Brief - The result should be the lines from the one holding "this 1344×1512 image." to the final line of the records below, repeated exactly and with no pictures.

(Data for analysis begins)

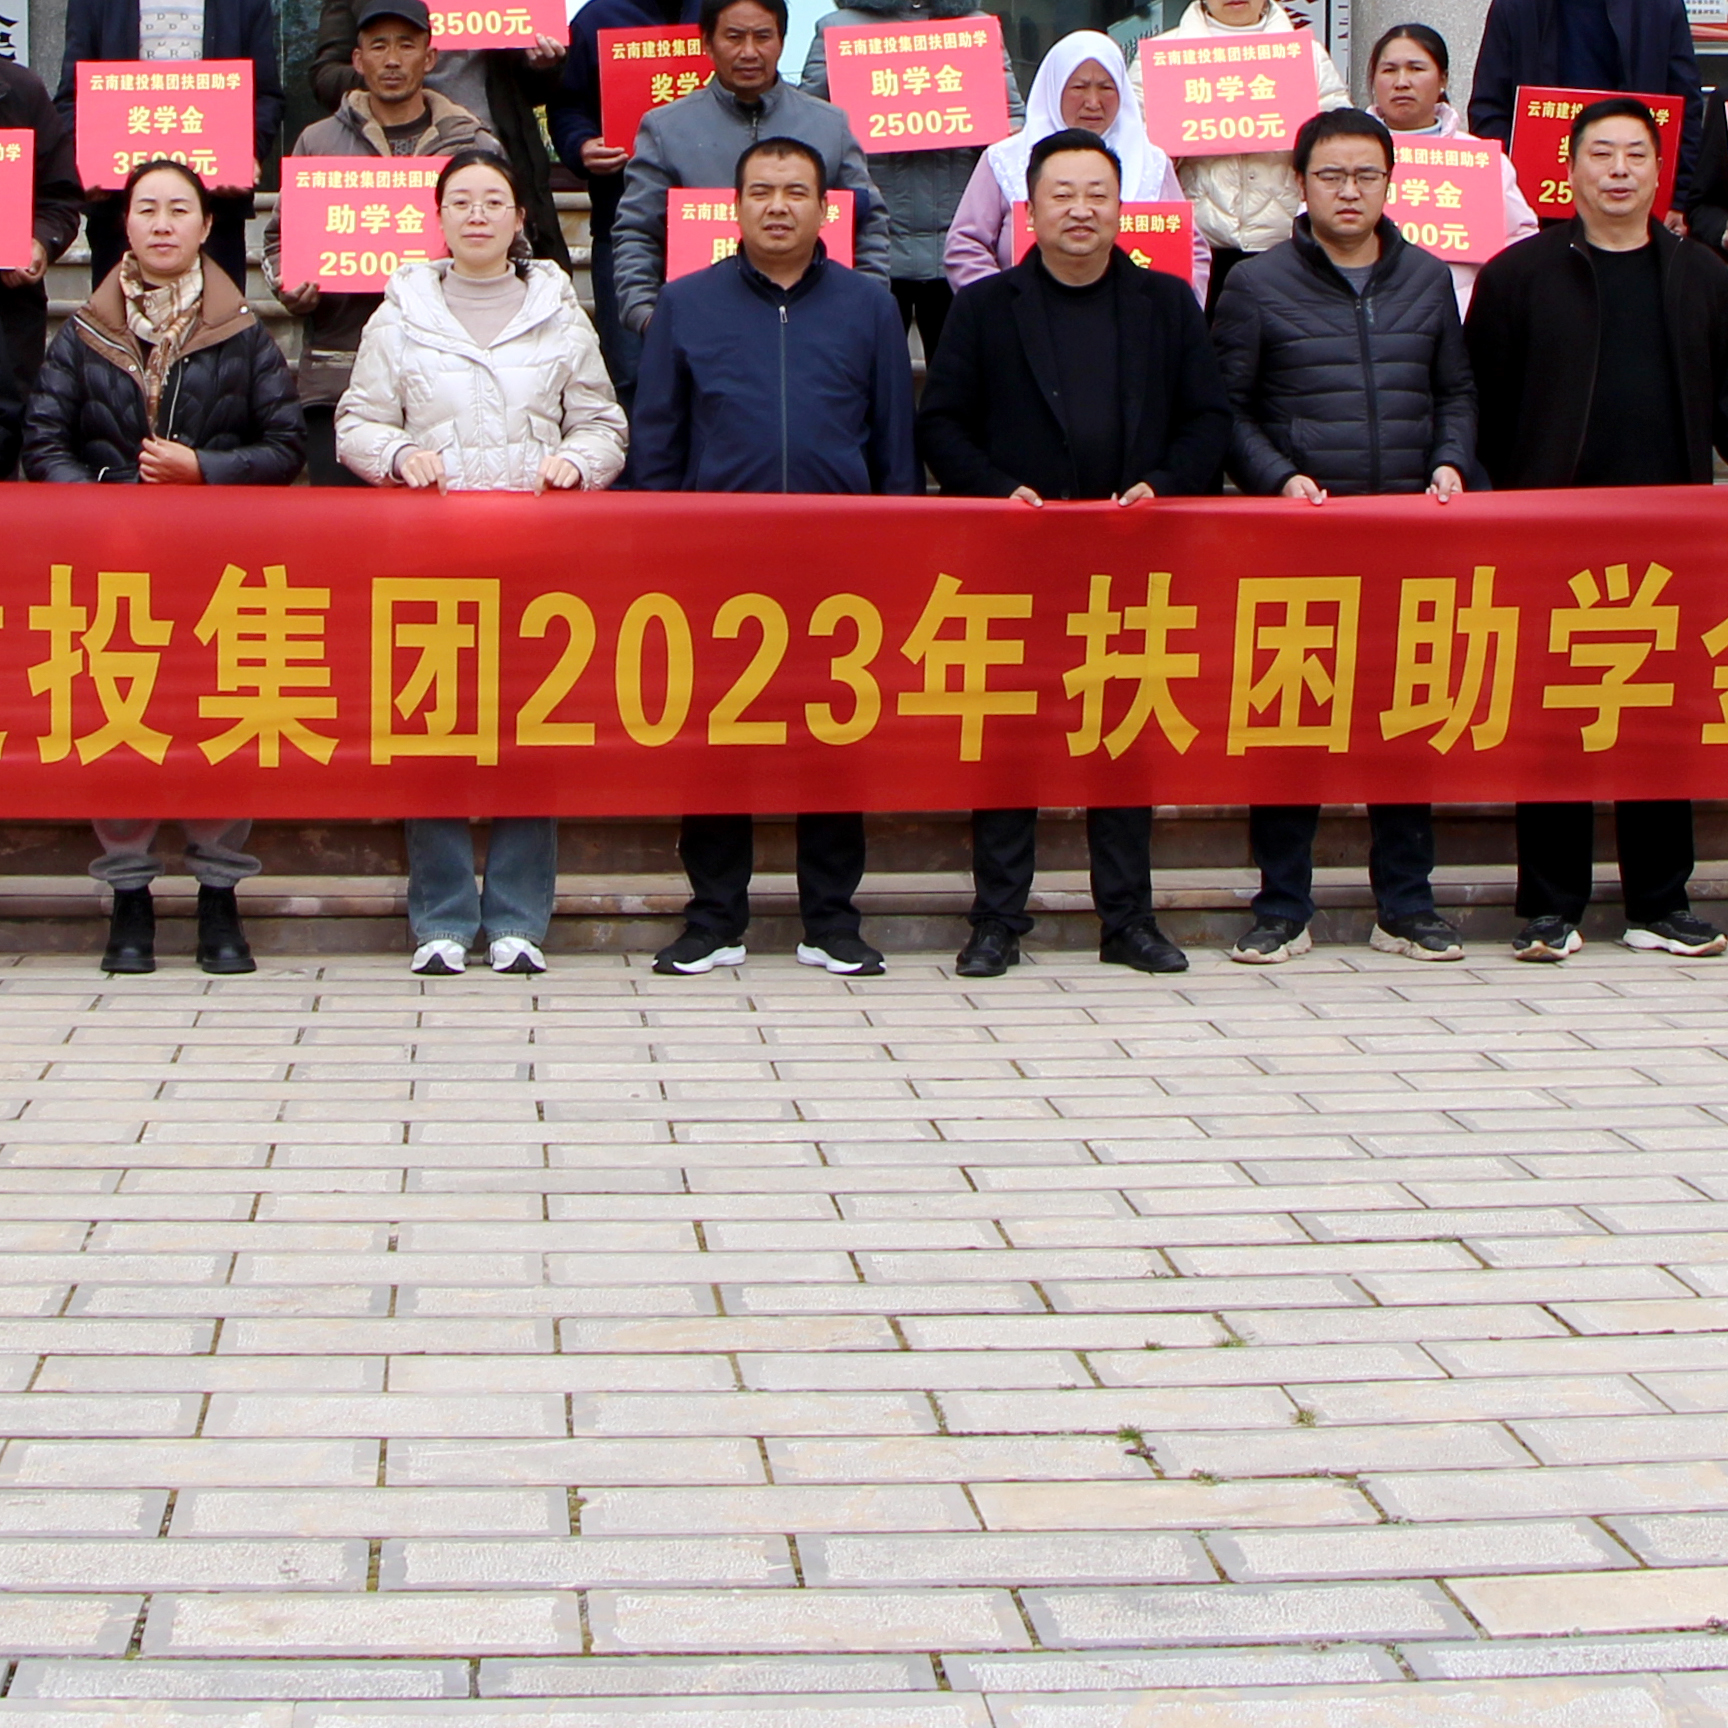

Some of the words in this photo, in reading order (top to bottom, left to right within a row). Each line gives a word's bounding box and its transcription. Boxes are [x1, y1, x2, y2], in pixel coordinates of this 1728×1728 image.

[431, 7, 533, 36] 3500元
[611, 37, 706, 60] 云南建投集团
[839, 29, 988, 57] 云南建投集团扶困助学
[1153, 40, 1301, 67] 云南建投集团扶困助学
[90, 73, 241, 91] 云南建投集团扶困助学
[871, 64, 964, 97] 助学金
[1184, 73, 1277, 104] 助学金
[127, 105, 204, 135] 奖学金
[869, 106, 973, 138] 2500元
[1182, 113, 1286, 142] 2500元
[327, 204, 425, 233] 助学金
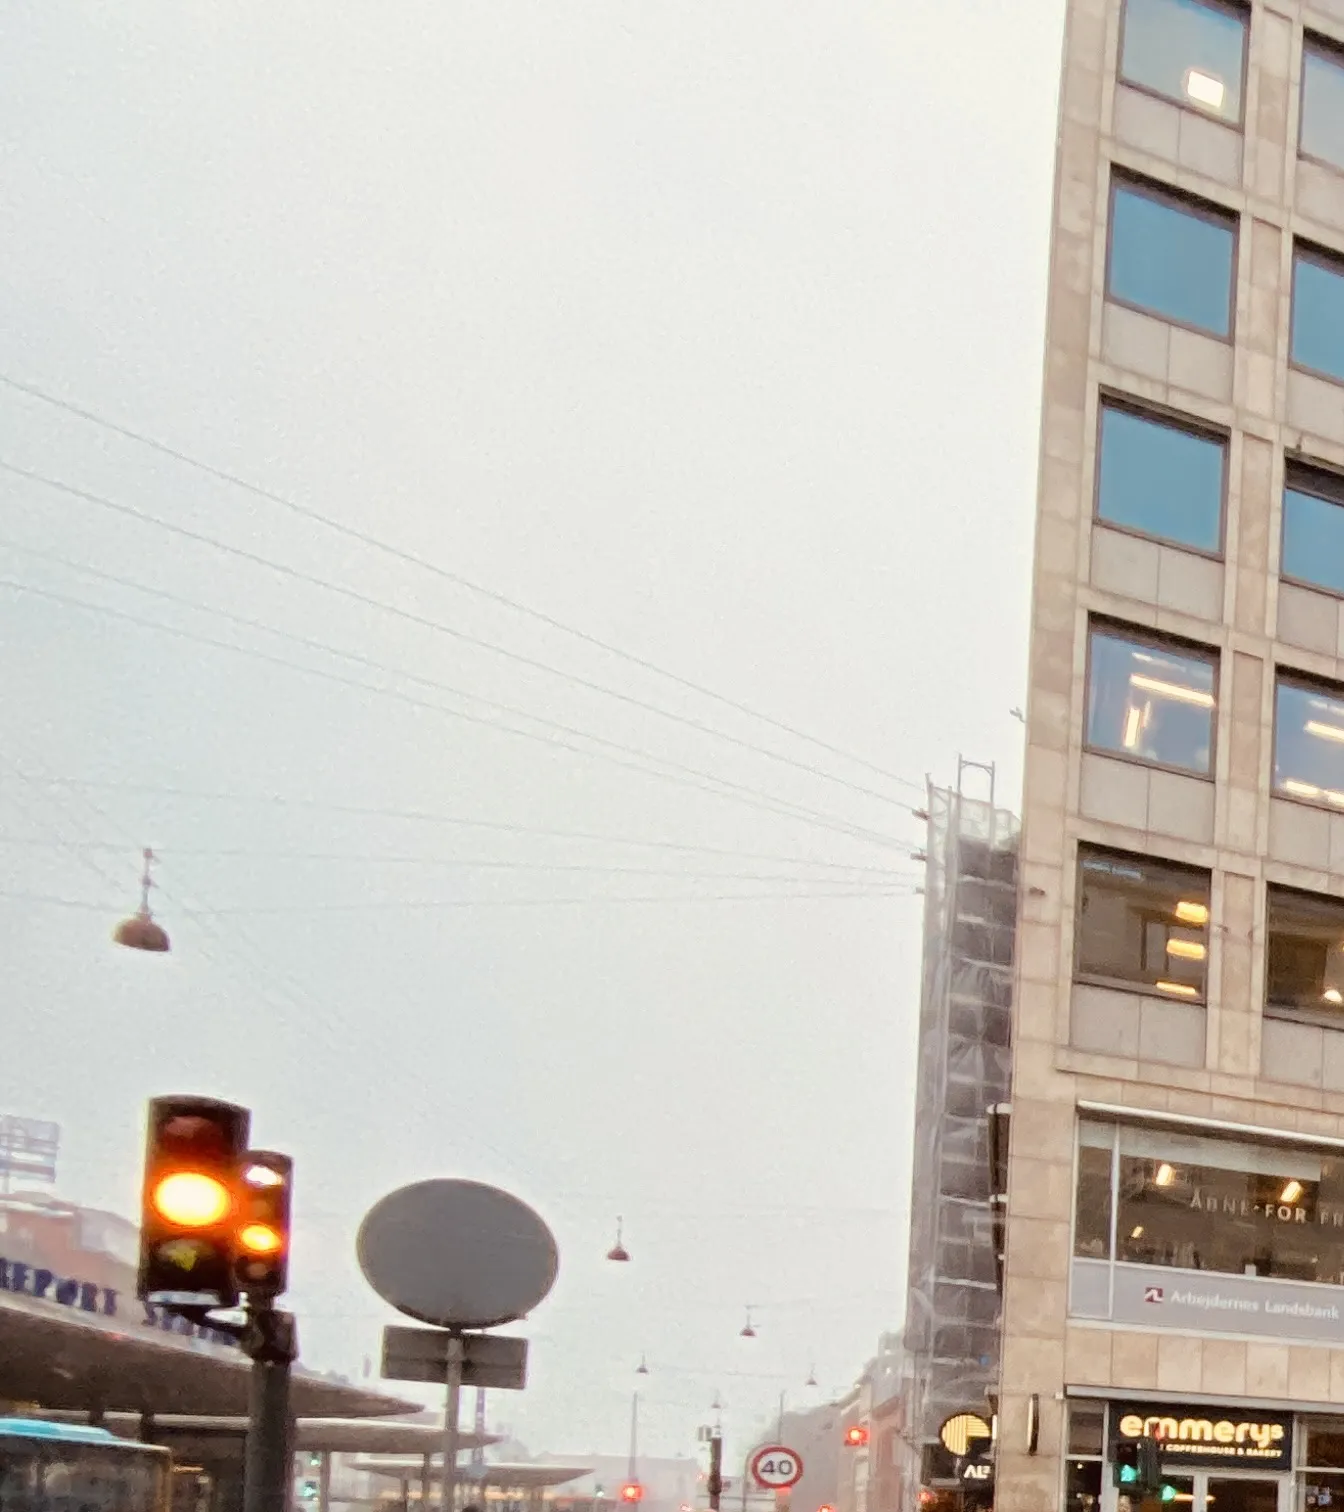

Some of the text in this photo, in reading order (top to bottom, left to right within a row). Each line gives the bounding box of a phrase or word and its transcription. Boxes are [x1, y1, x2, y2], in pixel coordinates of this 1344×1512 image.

[1264, 1205, 1308, 1223] FOR
[1171, 1290, 1259, 1313] Arbejdernes
[1265, 1300, 1340, 1322] Landsbank
[1120, 1415, 1284, 1449] emmerys
[761, 1460, 793, 1476] 40
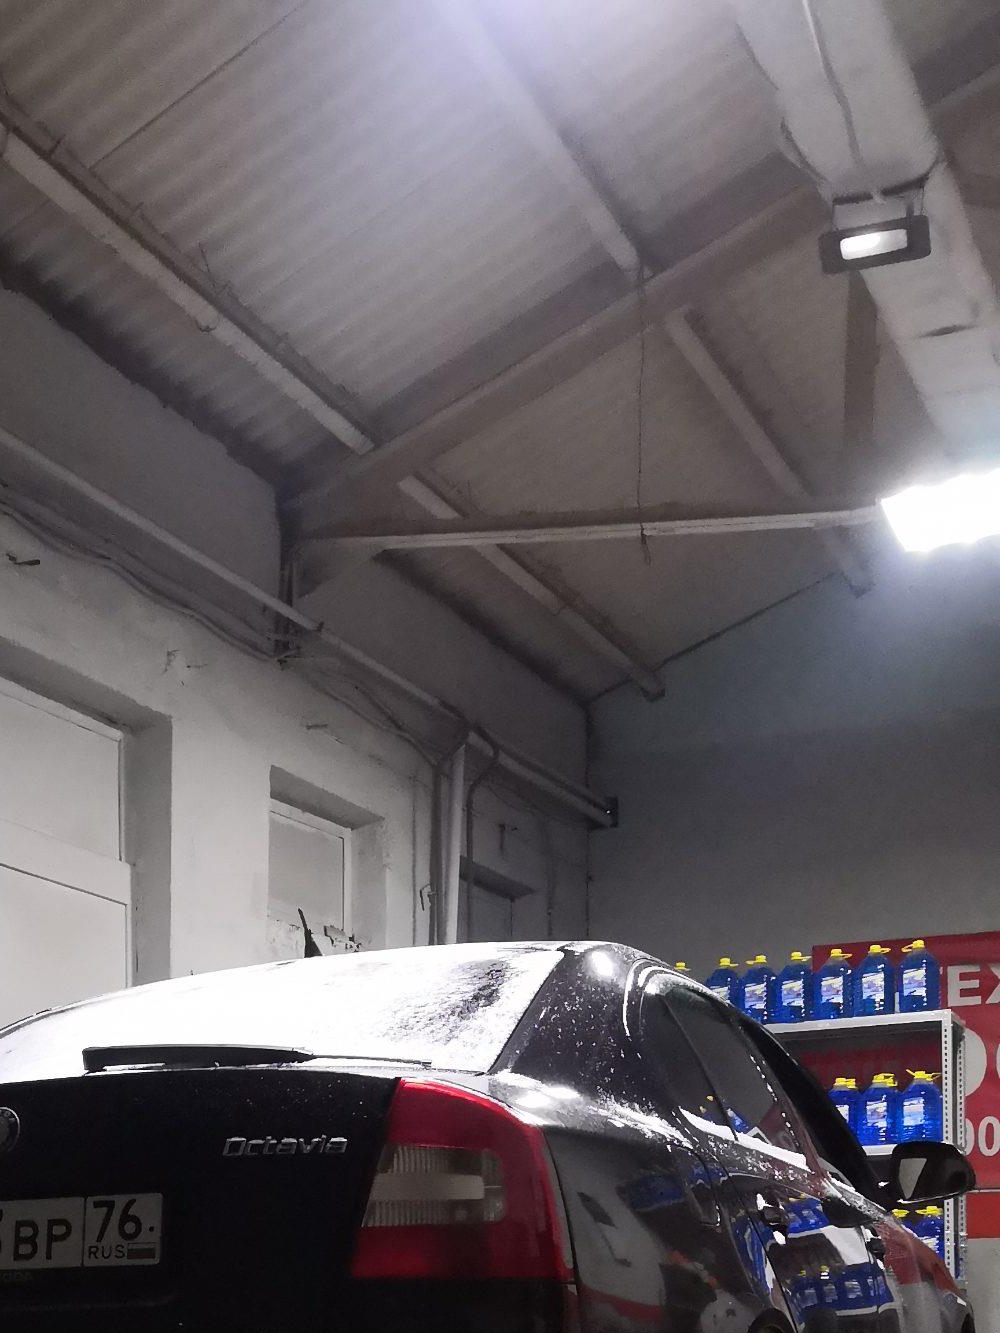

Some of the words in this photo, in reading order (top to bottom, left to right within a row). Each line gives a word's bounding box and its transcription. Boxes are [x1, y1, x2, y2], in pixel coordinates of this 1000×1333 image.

[222, 1134, 348, 1157] Octavia
[92, 1198, 143, 1243] 76
[88, 1245, 127, 1260] RUS
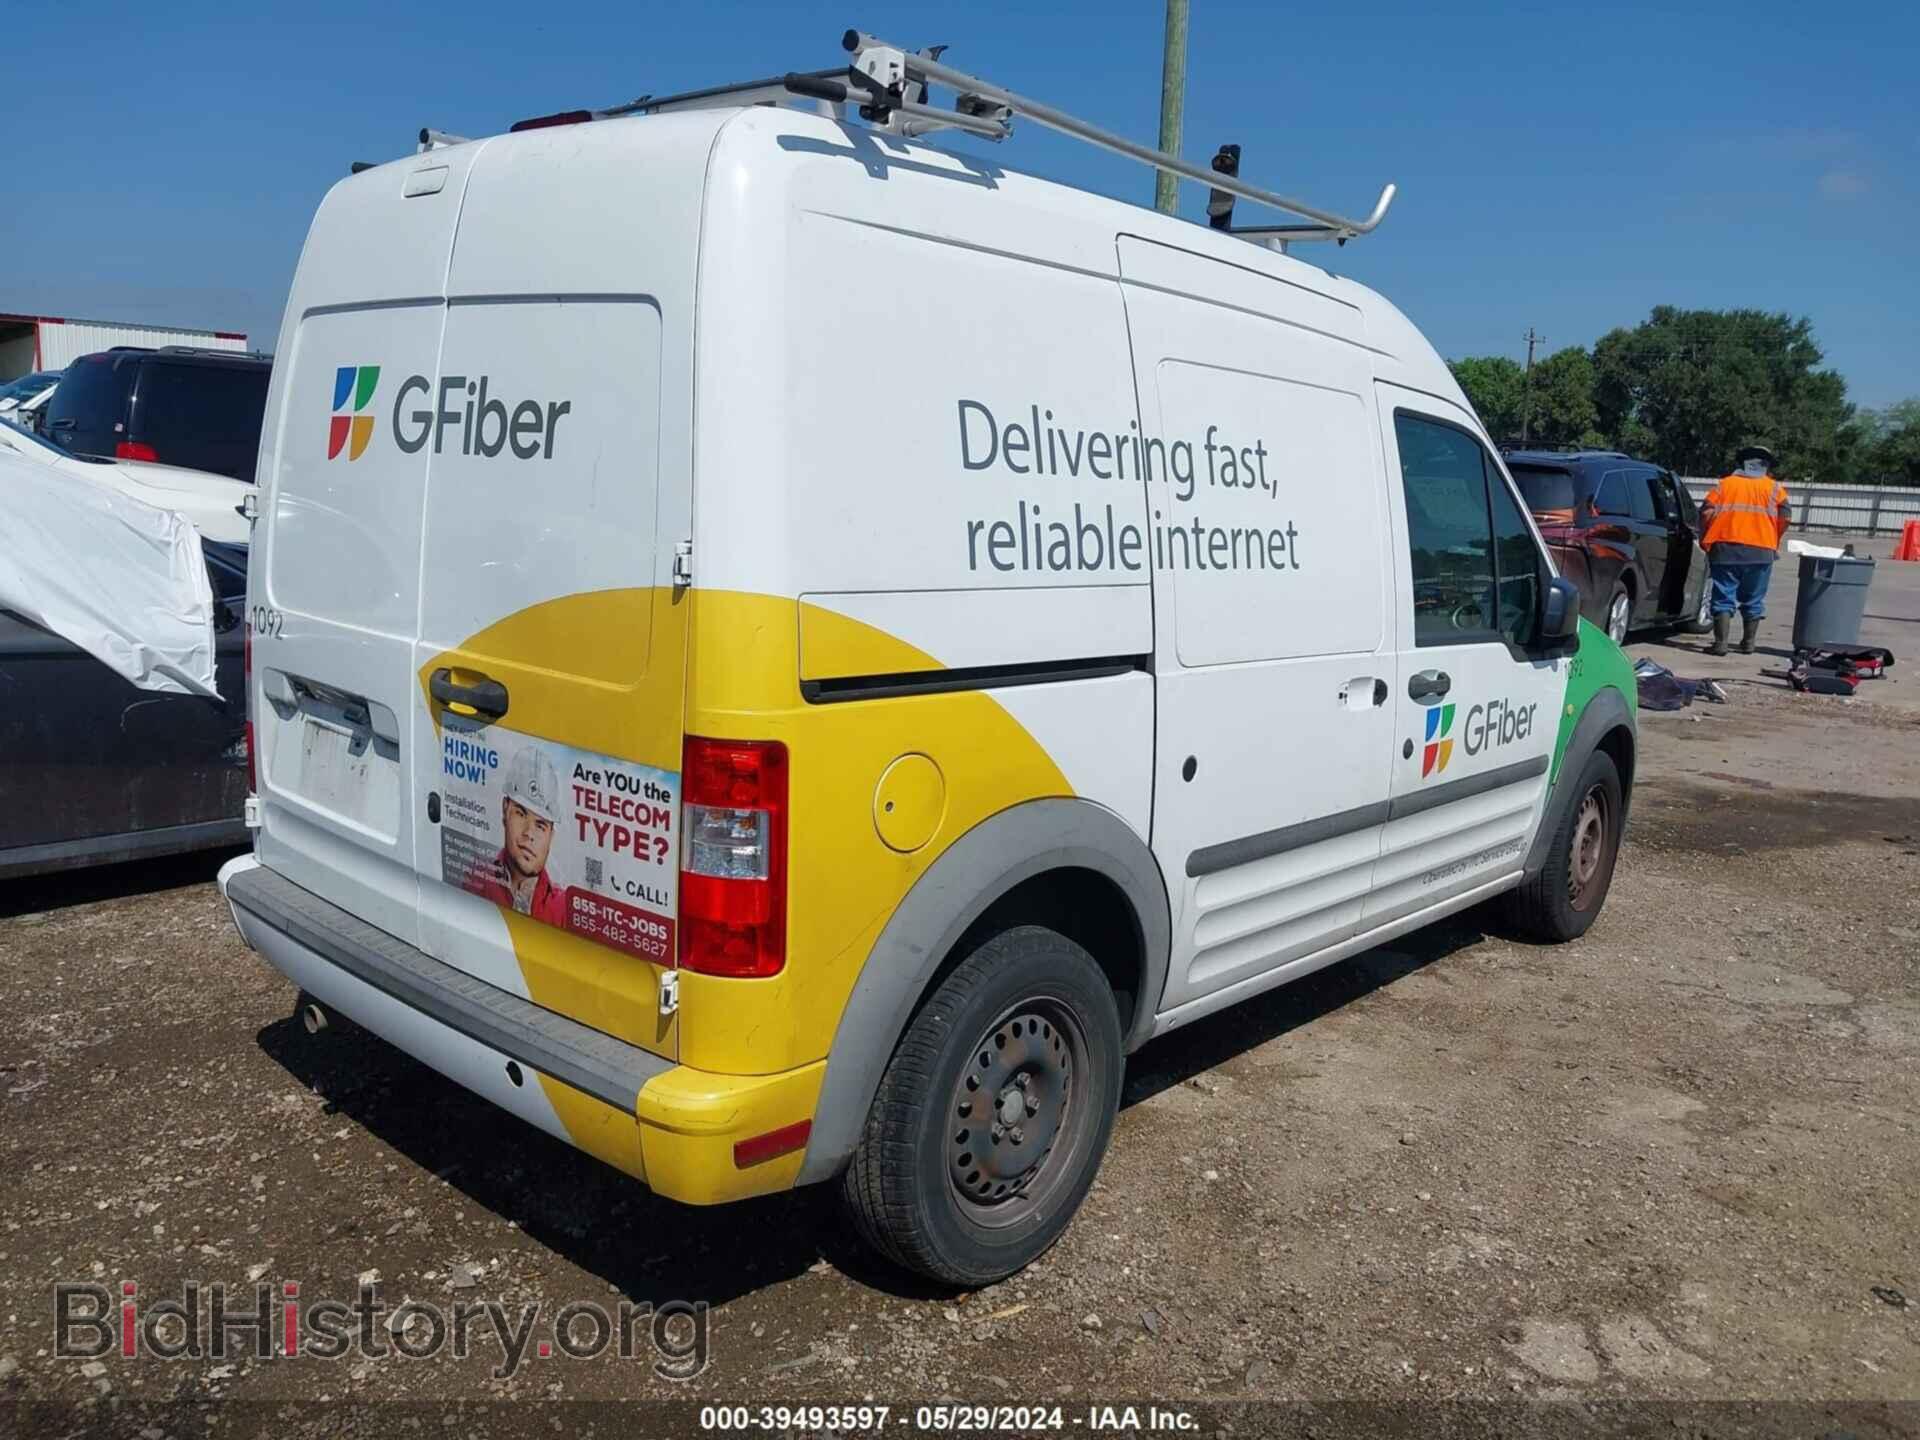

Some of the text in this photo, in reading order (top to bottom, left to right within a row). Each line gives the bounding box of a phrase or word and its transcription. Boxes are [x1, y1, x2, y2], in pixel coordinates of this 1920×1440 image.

(Data for analysis ends)

Task response -
Some of the text in this photo, in reading order (top to bottom, left to right within a row). Each line gives the bounding box of a phrase or word and its transcription. Boxes are [x1, y1, x2, y2], in pixel coordinates of this 1344×1512 image.

[1264, 1205, 1308, 1223] FOR
[1171, 1290, 1259, 1313] Arbejdernes
[1265, 1300, 1340, 1322] Landsbank
[1120, 1415, 1284, 1449] emmerys
[761, 1460, 793, 1476] 40

Some of the words in this photo, in reading order (top to bottom, left to right within a row). Each line gives a word's bounding box and its transcription. Boxes are [x1, y1, x2, y2], in pixel coordinates of this 1000×1333 image.

[222, 1134, 348, 1157] Octavia
[92, 1198, 143, 1243] 76
[88, 1245, 127, 1260] RUS

Some of the text in this photo, in reading order (top to bottom, left to right within a row). Each line gives the bounding box of a phrase or word and its transcription. Boxes are [x1, y1, x2, y2], in pixel coordinates of this 1920×1440 image.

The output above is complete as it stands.